Like jokes
When Caesar’s wife told him she dreamed he should beware the Ides of March, he scoffed and said, “What? It’s not like I’m gonna be stabbed 23 times by my best buddies!”
How do rappers like their steaks?
With lots of SIZZLE!
Why is a rap boat like a dog?
They both get off sniffing assholes.
Why does rapboat like underage girls? Cos grown ass girls are too clever for him.
What do rappers like cantaloupe?
Because they’re always dropping fresh MELON!
Memes
Gays: I like men.
Straight: I like women.
Bisexual: A hole is a hole.
Roses are red, violets are blue, I took a poo, and it smelt like you.
I would like to make a Minecraft joke...
It would be too plain.
You're shorter than a thumbtack, like, boy, your auntie is probably taller than you.
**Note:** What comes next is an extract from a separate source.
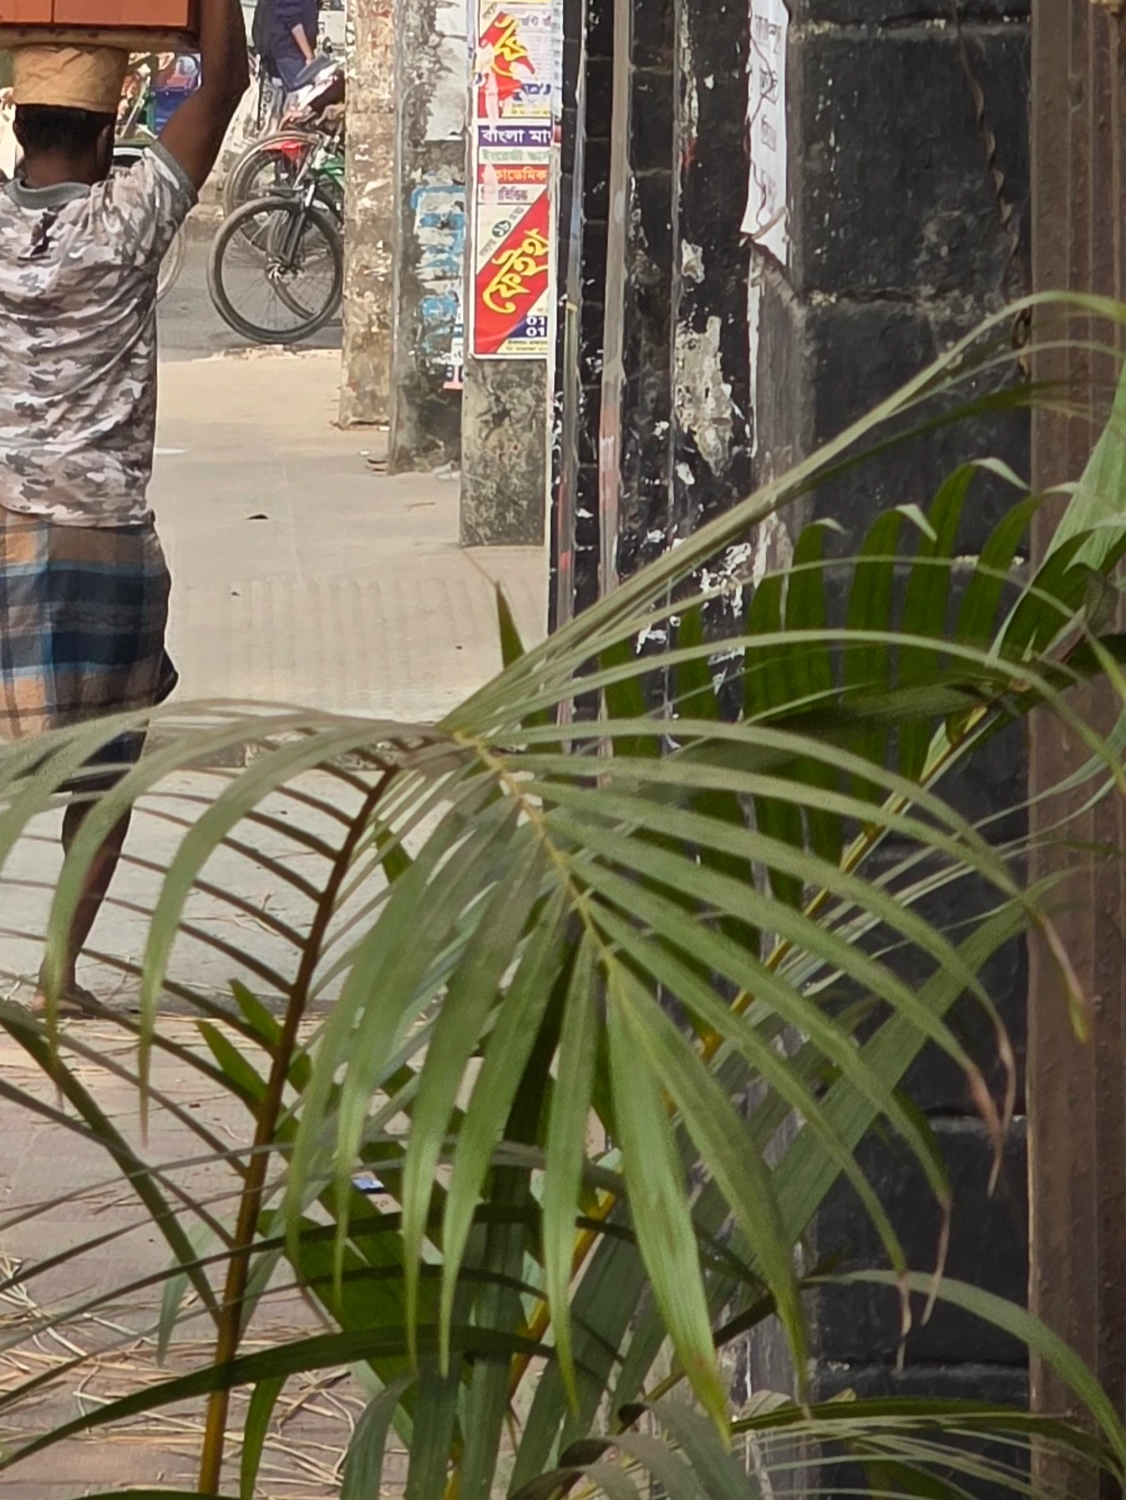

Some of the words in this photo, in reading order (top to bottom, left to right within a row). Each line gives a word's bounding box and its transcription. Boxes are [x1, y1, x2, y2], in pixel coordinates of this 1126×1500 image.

Why did the Indian man refuse to use deodorant? Because he wanted to smell like his natural habitat, the shitter.
That is so bad, just like you.
Do you think when the Secret Service heard the gunshot they were like, "Donald Duck"?
"BlessedBrian" is like Monday mornings... everyone dreads him, but somehow he KEEPS SHOWING UP.
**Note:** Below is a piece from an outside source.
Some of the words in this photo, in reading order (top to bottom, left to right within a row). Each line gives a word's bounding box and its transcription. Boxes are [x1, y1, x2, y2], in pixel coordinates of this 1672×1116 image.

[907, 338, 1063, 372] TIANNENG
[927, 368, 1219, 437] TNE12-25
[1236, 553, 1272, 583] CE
How does a rapper like his eggs?
Hard-boiled, to match his beats!
Why does rapeboat like going to the dog shelter? It's cheaper than a whore house.
I'm going to destroy your momma's [vulgar term] just like I destroyed that Tastykake.
1 like = 1 fetus donated to the soup kitchen.
This Anonymous guy is acting like Hitler, bro.
What happens when the Twin Towers breathe? They collapse like an orphan with stage 4 cystic fibrosis who lives in the streets of Africa.
Dam, sometimes when I look at my friend's head, I say, "Dam, that's a dam big head, Nick." Then he is like, "Dude, that's a literal dam."